- Interactive map of Regency
- Coordinates: 41°15′22″N 96°04′37″W﻿ / ﻿41.256°N 96.077°W
- Country: United States
- State: Nebraska
- Counties: Douglas County
- City: Omaha

Area
- • Total: 0.96 sq mi (2.49 km^{2})
- • Land: 0.96 sq mi (2.48 km^{2})
- • Water: 0.0039 sq mi (0.01 km^{2})

Population (2010)
- • Total: 17,705
- • Density: 18,500/sq mi (7,140/km^{2})
- ZIP code: 68114
- Area codes: 402, 531

= Regency (Omaha) =

Neighborhood in Omaha

Regency is a neighborhood in Omaha, Nebraska. Bound by West Dodge Road, South 96th Street, Pacific Street and Interstate 680, the development was the first major real estate development funded by Mutual of Omaha.

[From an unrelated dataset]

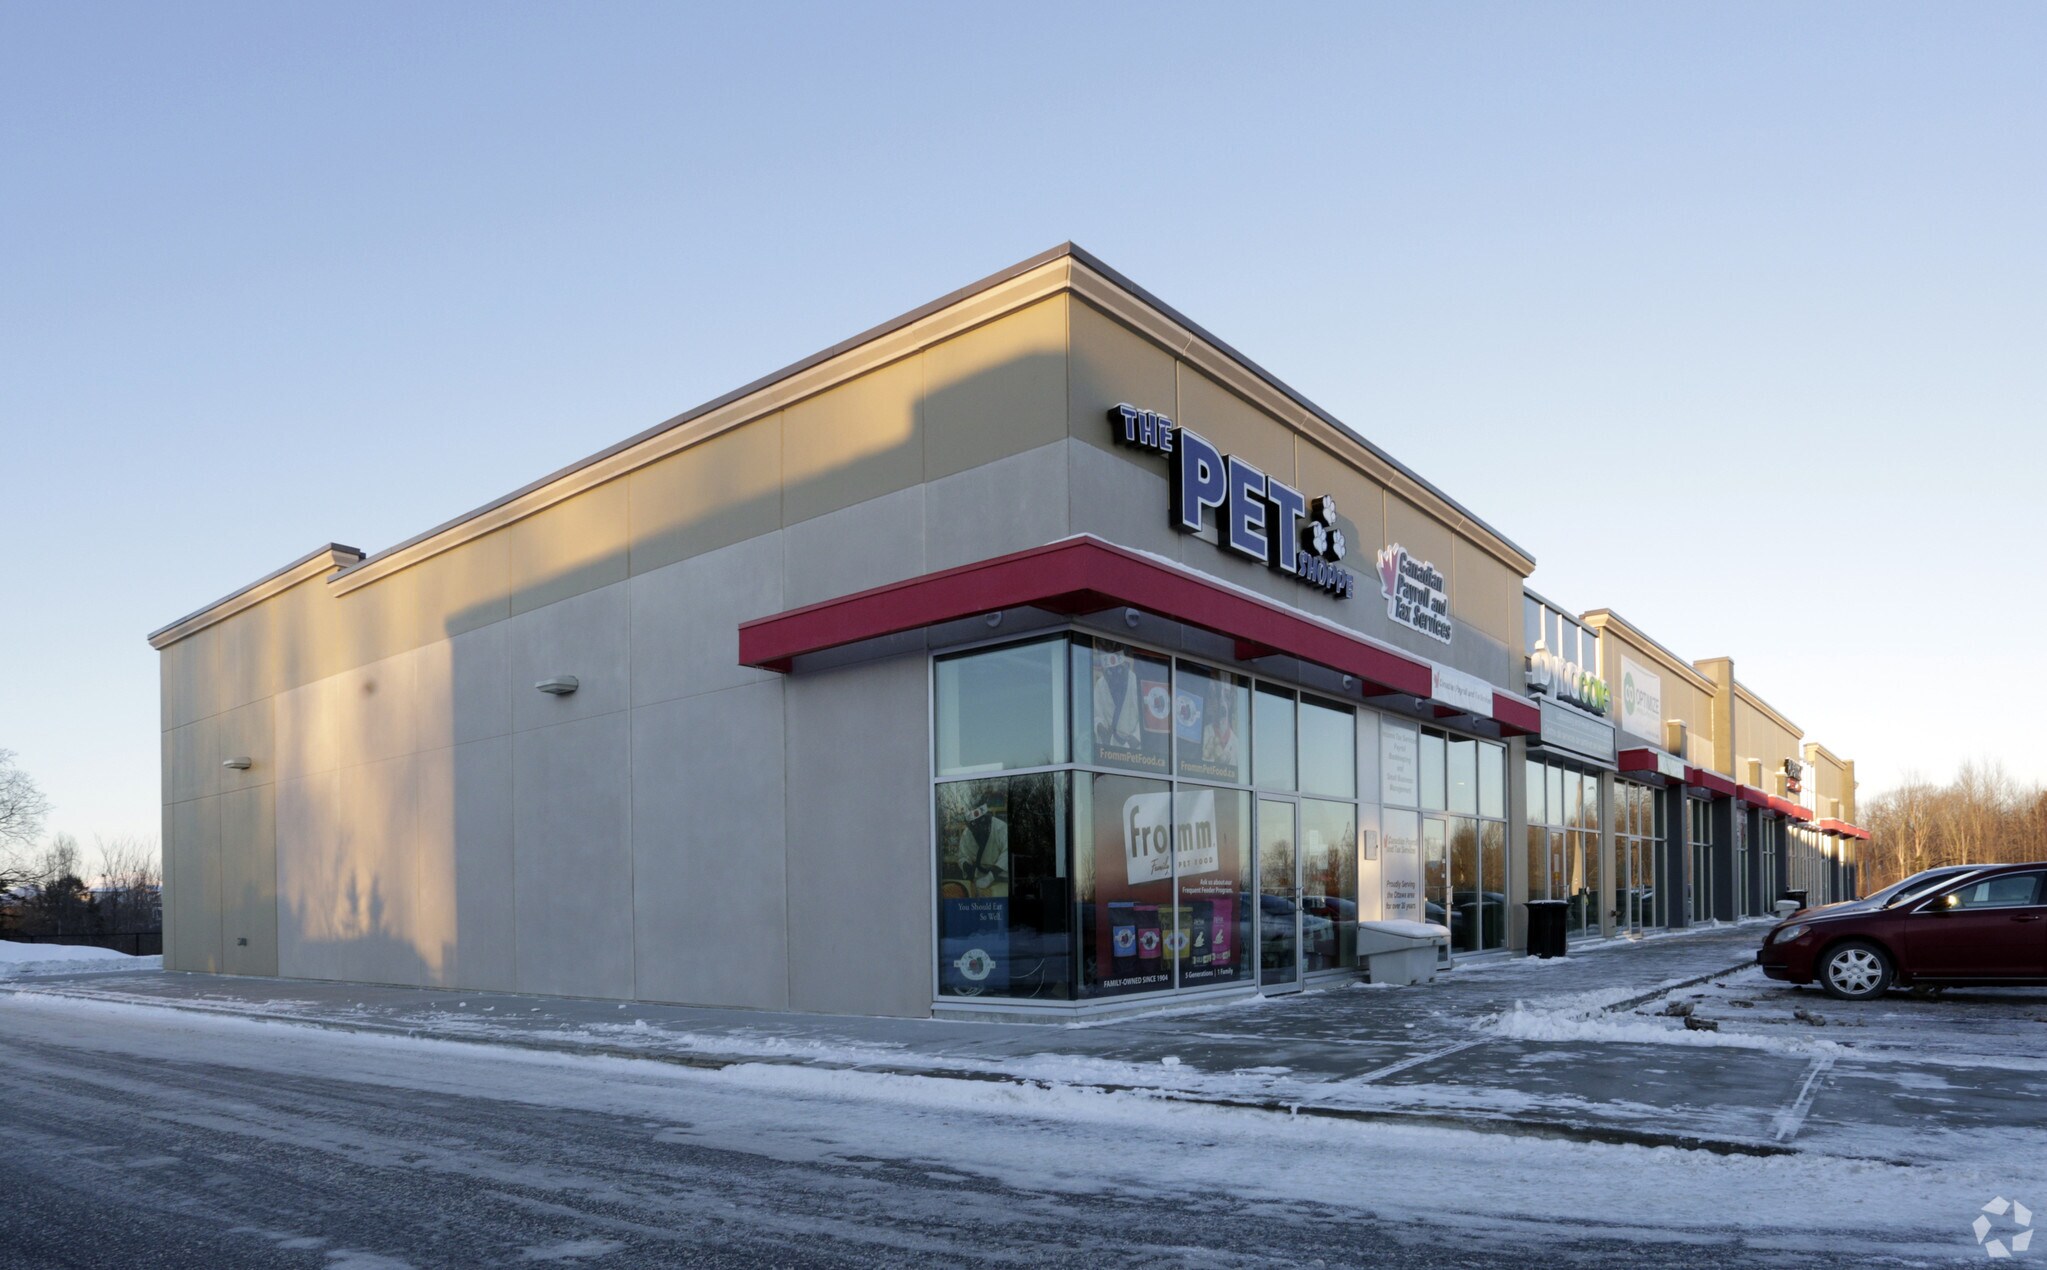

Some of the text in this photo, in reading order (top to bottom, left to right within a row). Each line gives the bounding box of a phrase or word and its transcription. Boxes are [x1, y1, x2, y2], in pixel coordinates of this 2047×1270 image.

Regency is home to a premier office park and the upscale One Pacific Place shopping area, and borders the Westroads Mall. The neighborhood features green space, walking paths along with the Regency Park and Regency Lake and Tennis Club. The neighborhood is also bounded by Omaha's Cancer Survivor's Park.

The neighborhood is home to many of Omaha's wealthy citizens, including Vinod Gupta, the founder of InfoUSA. Consequently, the neighborhood has been home to a variety of political campaigning in the past.